The exhibition Strange Weather: Forecasts from the Future at the Science Gallery in Dublin gives a more human dimension to the issue. The show features 26 artworks that, each in their own way, act as springboards for new discussions and debates about the eccentricities of the weather.
The show goes from the very absurd (the Halliburton survivaball) to the very dark and dramatic. But the adjective that pervades the show is 'fun'. While visiting the exhibition, i've been drinking cloud, watched a 1959 film that speculates on how weather control departments would use satellites and met with little child mannequins in Hazmat suits in the most unexpected places.

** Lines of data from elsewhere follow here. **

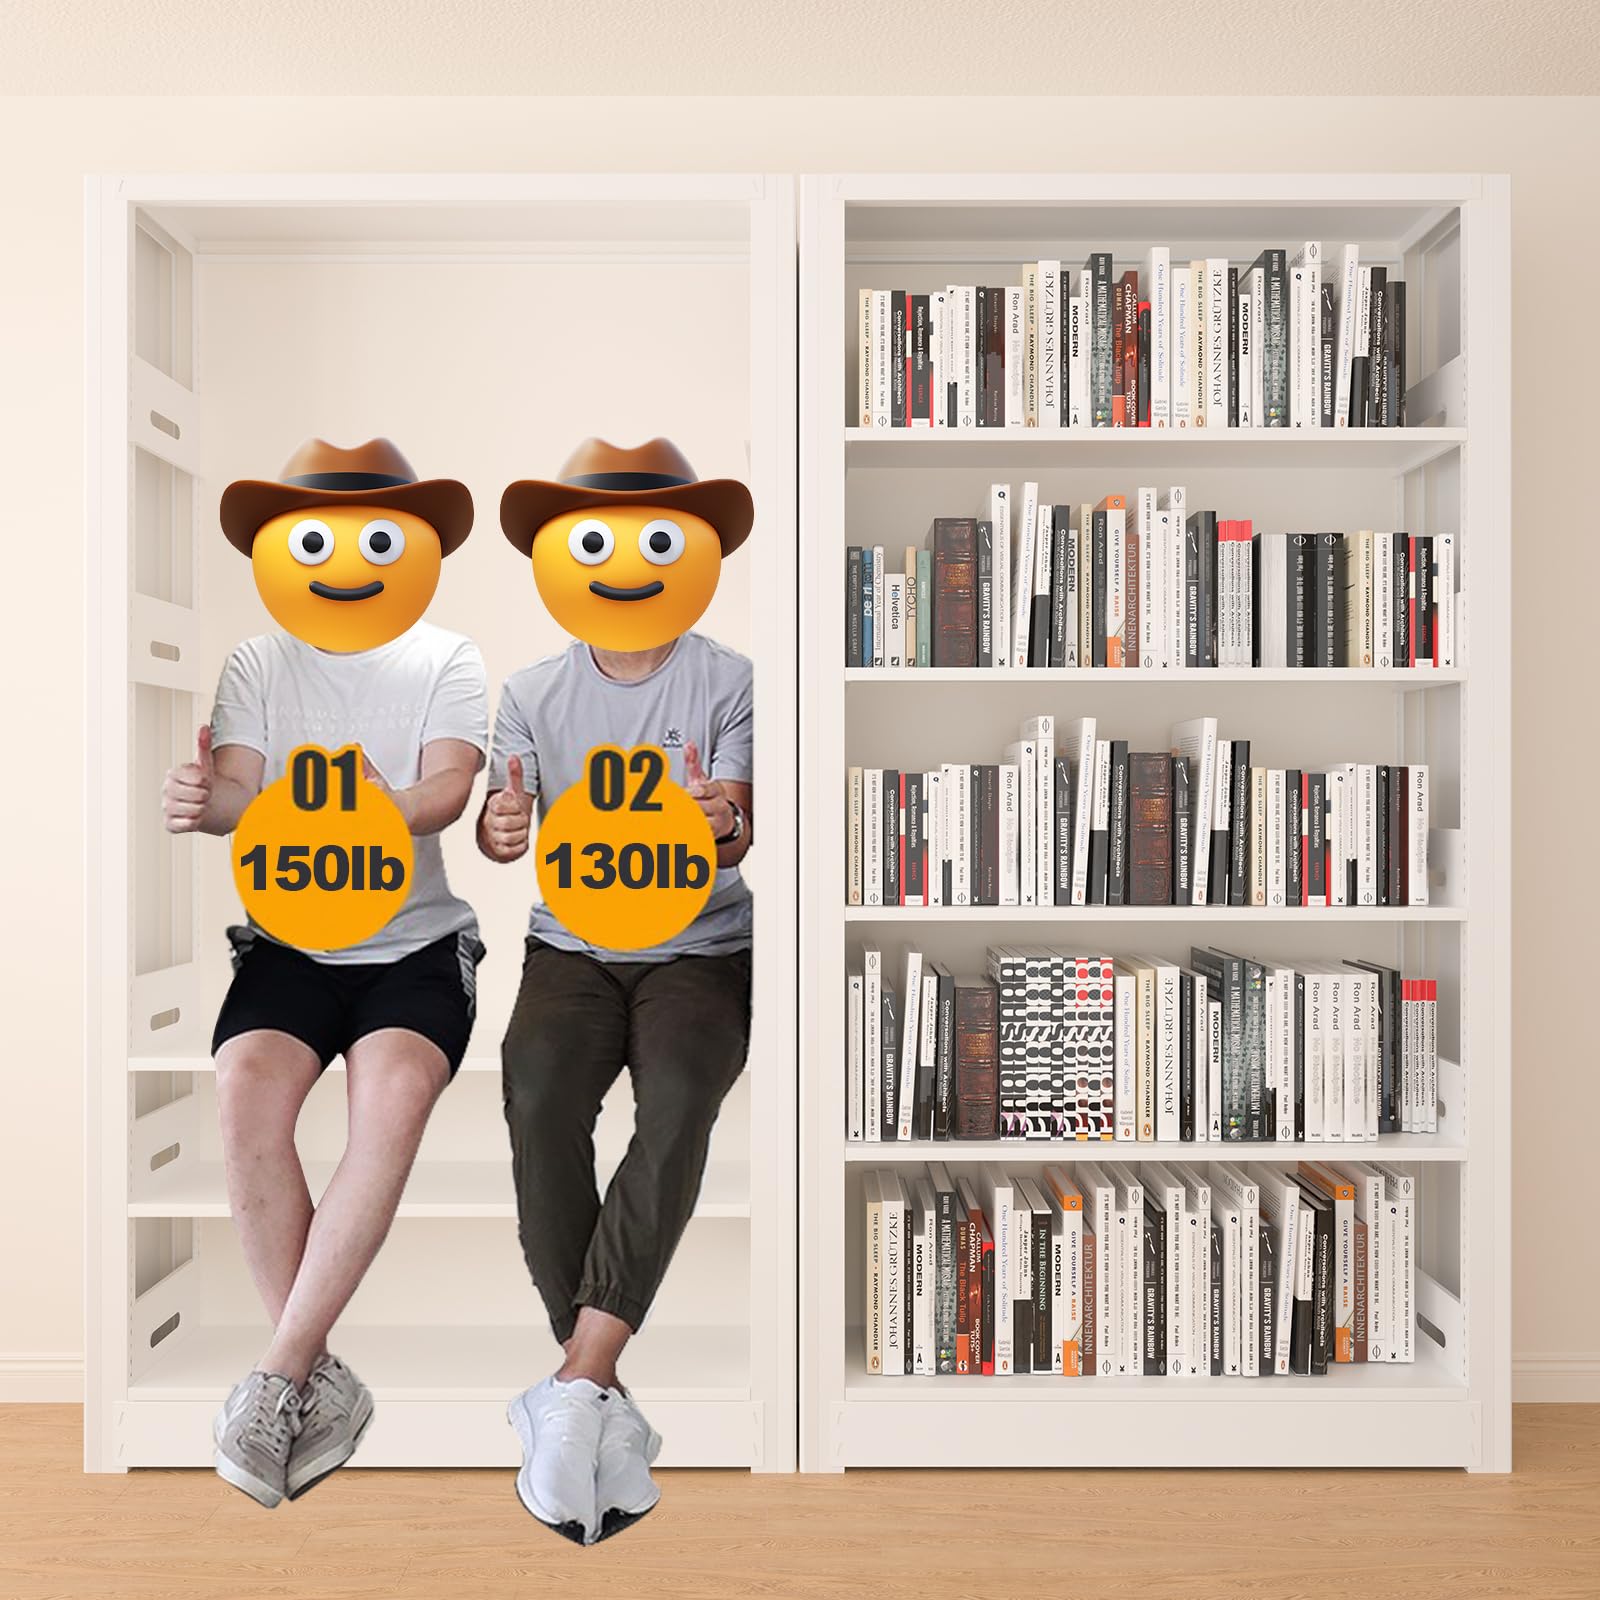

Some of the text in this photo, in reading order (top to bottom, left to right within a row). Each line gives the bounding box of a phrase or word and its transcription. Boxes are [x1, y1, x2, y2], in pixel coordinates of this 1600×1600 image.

[1012, 292, 1020, 334] Ron Arad
[1044, 272, 1055, 409] JOHANNES GRÜTZKE
[1157, 340, 1164, 350] of
[1212, 270, 1222, 408] JOHANNES GRÜTZKE
[1114, 323, 1123, 384] The Black Tulip
[1323, 344, 1332, 416] GRAVITY'S RAINBOW
[891, 584, 901, 630] Helvetica
[906, 576, 916, 620] TYCHO
[982, 582, 991, 654] GRAVITY'S RAINBOW
[1128, 543, 1137, 651] INNENARCHITEKTUR
[1189, 586, 1198, 656] GRAVITY'S RAINBOW
[1060, 818, 1068, 889] GRAVITY'S RAINBOW
[1179, 818, 1188, 889] GRAVITY'S RAINBOW
[1353, 982, 1362, 1030] Ron Arad
[1123, 1058, 1130, 1067] of
[1163, 978, 1174, 1116] JOHANNES GRÜTZKE
[885, 1053, 894, 1125] GRAVITY'S RAINBOW
[888, 1212, 898, 1349] JOHANNES GRÜTZKE
[959, 1262, 967, 1324] The Black Tulip
[1001, 1281, 1009, 1291] of
[1084, 1244, 1094, 1354] INNENARCHITEKTUR
[1356, 1233, 1365, 1342] INNENARCHITEKTUR
[1146, 1288, 1155, 1359] GRAVITY'S RAINBOW
[1263, 1288, 1272, 1359] GRAVITY'S RAINBOW

Strange Weather is one of those rare shows that's never dull, never obscure, never preaching. A quick video walk-through of the exhibition will prove my point:
Given my enthusiasm for the exhibition, there's a lot i'd like to blog: all the ideas, all the works i've discovered. Being notoriously lazy, i'm going to bide my time and slowly publish stories about Strange Weather. Here's a first batch of artworks which explore clouds in the most poetical and critical ways:
Karolina Sobecka climbed to the Sally Gap in the Dublin Mountains to harvest clouds, decant them into little tubes and invited gallery visitors to consume them.

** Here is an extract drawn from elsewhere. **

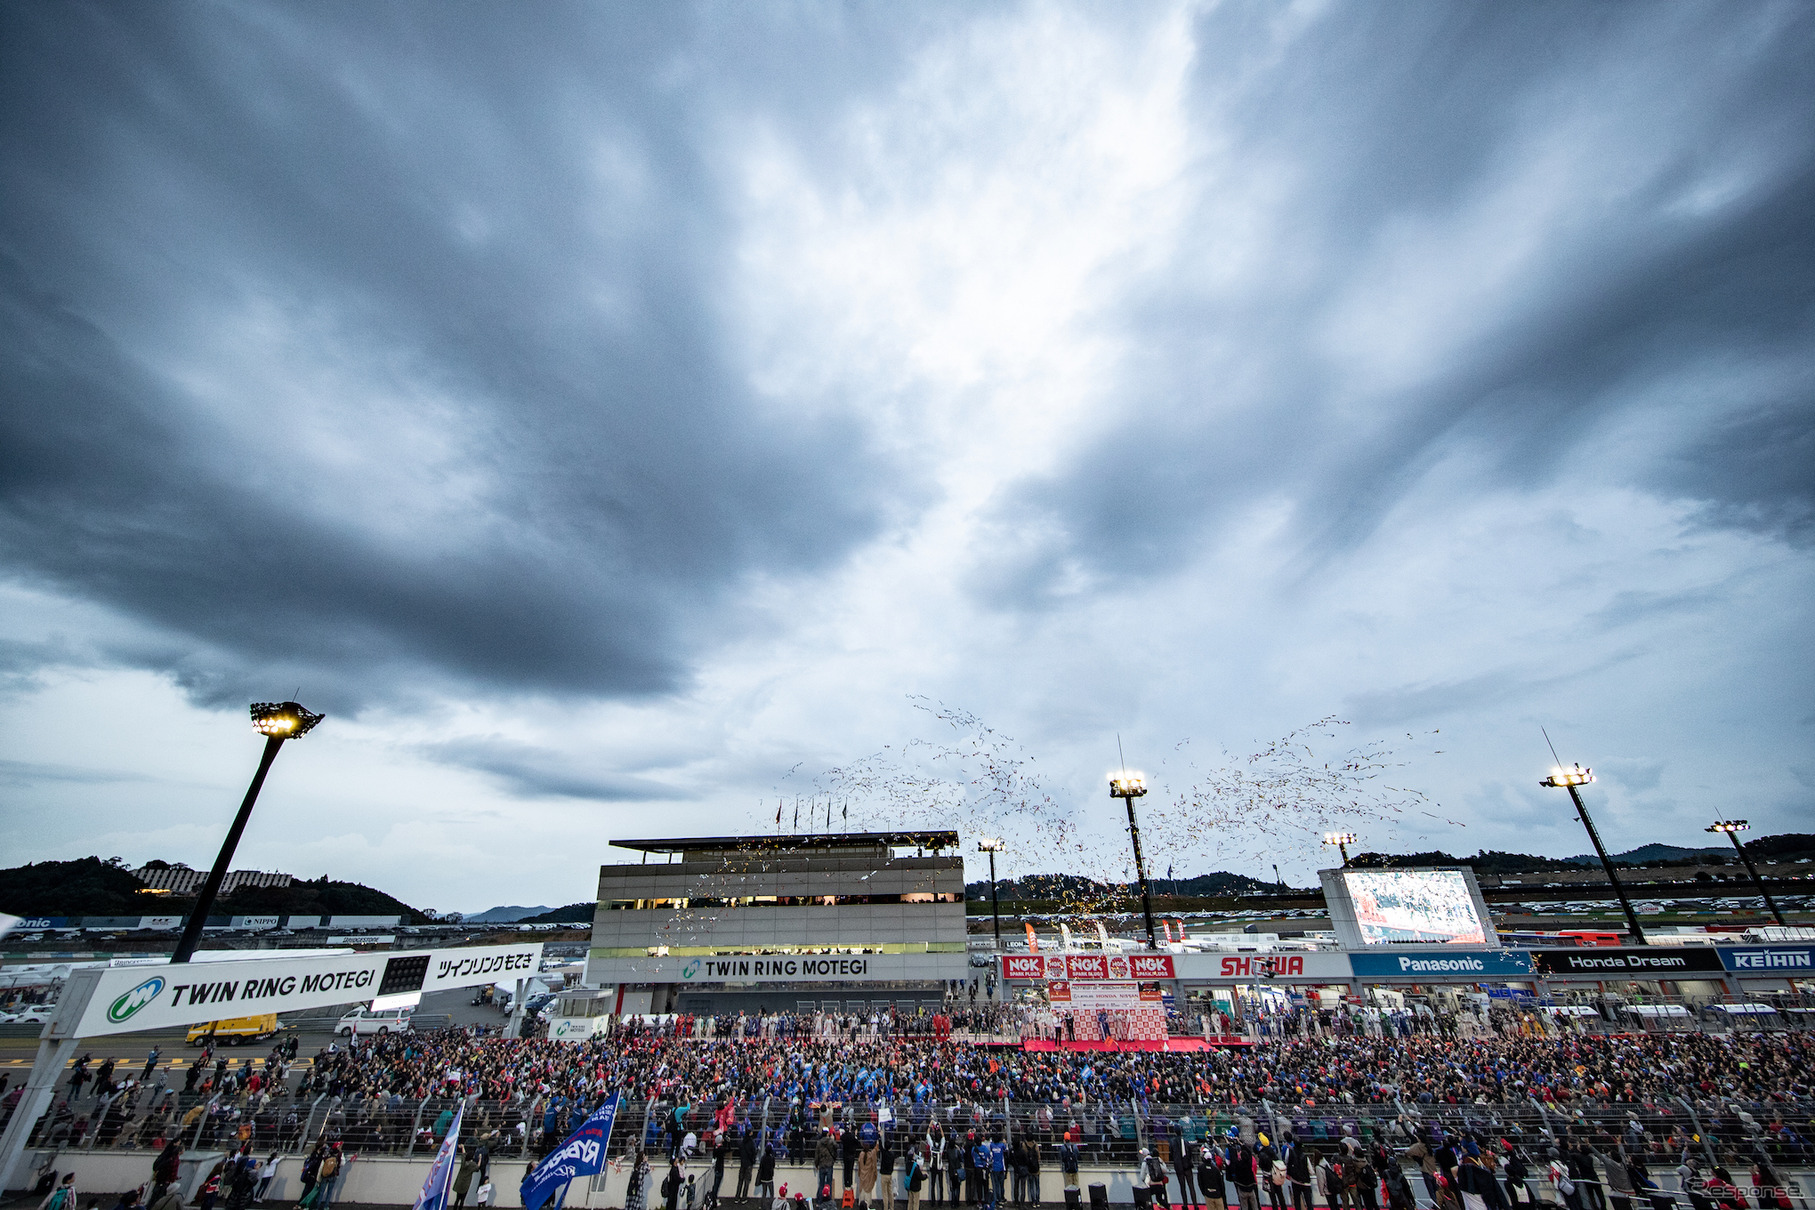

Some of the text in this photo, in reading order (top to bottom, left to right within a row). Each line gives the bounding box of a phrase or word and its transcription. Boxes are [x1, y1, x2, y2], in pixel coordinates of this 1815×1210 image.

The artist built her own Cloud Collector, a device that is sent into the atmosphere attached to a weather balloon. Clouds condense on its mesh wings and flow into a sample container. These cloud samples are analysed for microorganisms and ingested by experimental volunteers. By combining the cloud microbiome with their own, the volunteers become part cloud and keep a cloud journal reporting their transformation.
Thinking Like a Cloud owes a lot to Aldo Leopold's land ethics motto 'thinking like a mountain'. It describes an ability to appreciate the deeps interconnectedness of all the elements in the ecosystems. By ingesting clouds, clouds become part of you and you become part of the atmosphere yourself.

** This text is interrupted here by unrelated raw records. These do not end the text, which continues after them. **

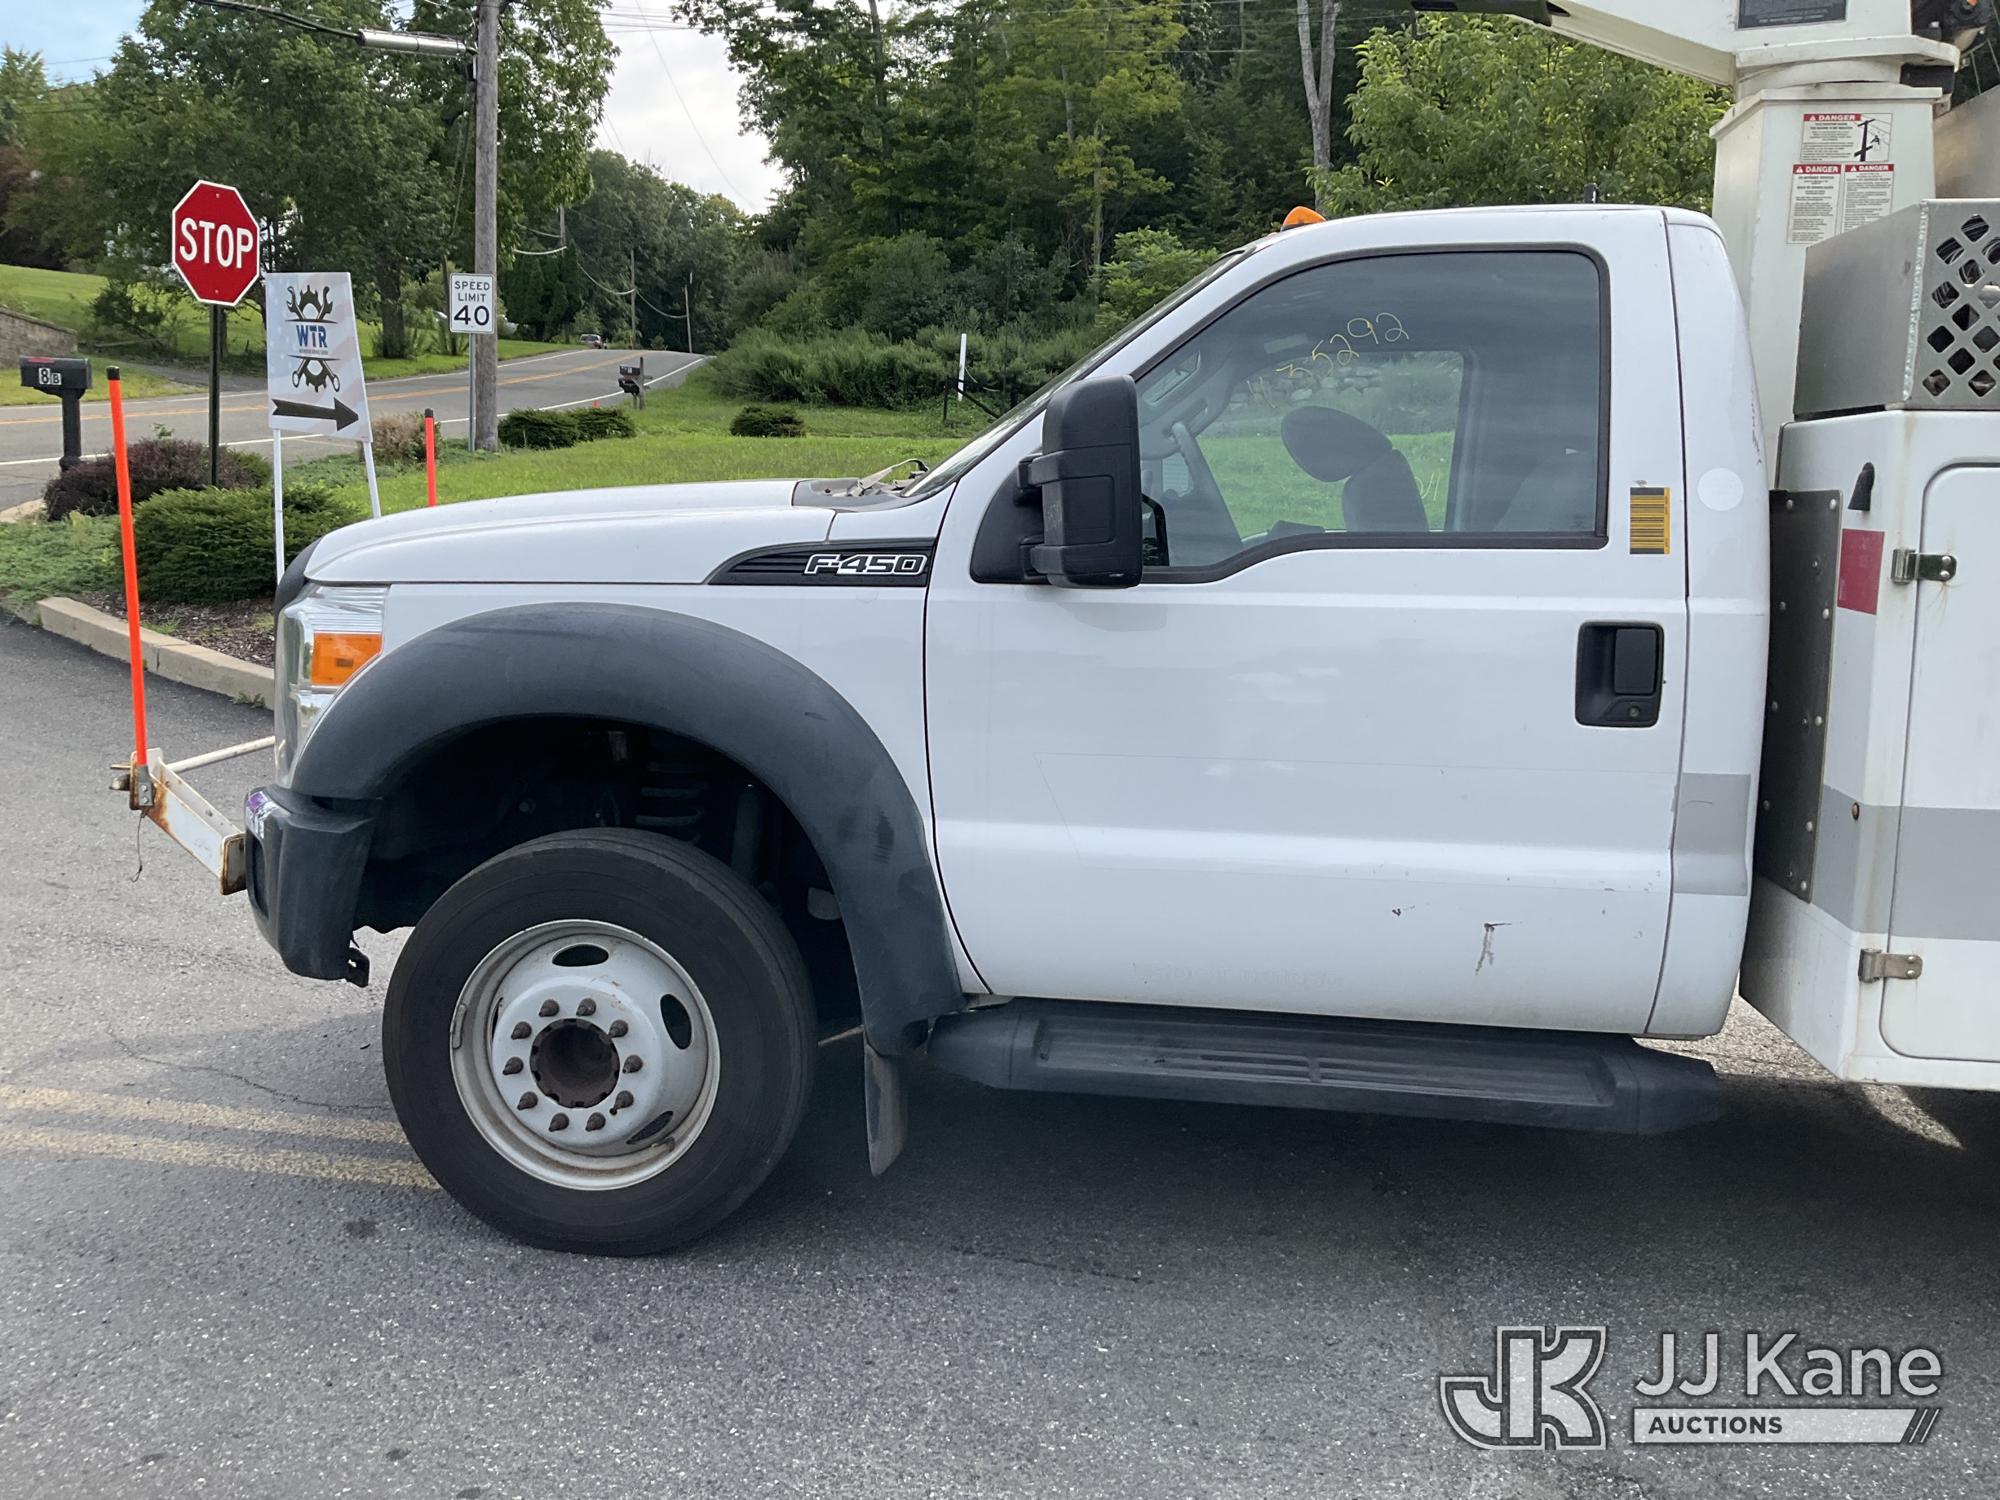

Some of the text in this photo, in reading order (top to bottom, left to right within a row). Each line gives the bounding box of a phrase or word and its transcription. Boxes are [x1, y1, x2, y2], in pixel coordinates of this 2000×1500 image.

[179, 217, 254, 269] STOP
[454, 280, 491, 291] SPEED
[457, 293, 487, 303] LIMIT
[453, 304, 490, 326] 40
[296, 324, 328, 348] WTR
[804, 553, 928, 576] F-450

I was strangely moved by Studio PSK's proposal for the ash dispersal of your loved ones. I don't care whether it is speculative or art or whatever, i want this project to be real.
I Wish to Be Rain suggests that after their death, people could literally become part of the weather by having their ashes used for cloud seeding, the dispersing substances into the air to trigger rain.
Following a funeral and cremation of a body, the crematorium will give the bereaved an aluminium vessel that contains their loved ones remains and a dormant aerostat. When the family are ready, the encapsulated ashes are sent skywards tethered to a weather balloon, to be dispersed in the macroscopic structure of a cloud. The capsule becomes increasingly pressurised. At the point it reaches the troposphere, the highest point at which clouds form, the capsule bursts, dispersing the ashes into the clouds below. When dispersed into the clouds, the remains get enveloped into a macroscopic structure far beyond the most grandiose human experience. But this is short lived, again they enter the domain of the miniature, falling back to earth as raindrops, before eventually finding their way back into the sea.
One thing i noted when i spoke to people who live or used to live in Dublin is that they all have something to say about the fluctuating prices of the houses in the city. Matt Kenyon's Cloud therefore feeds into two concerns: real estate and weather. The artist turned the last 10 year of housing market into a stream of small house-shaped clouds that fly to the ceiling of the gallery, stick there for a while, lose stamina (and metaphorically value) and then fall down to the floor.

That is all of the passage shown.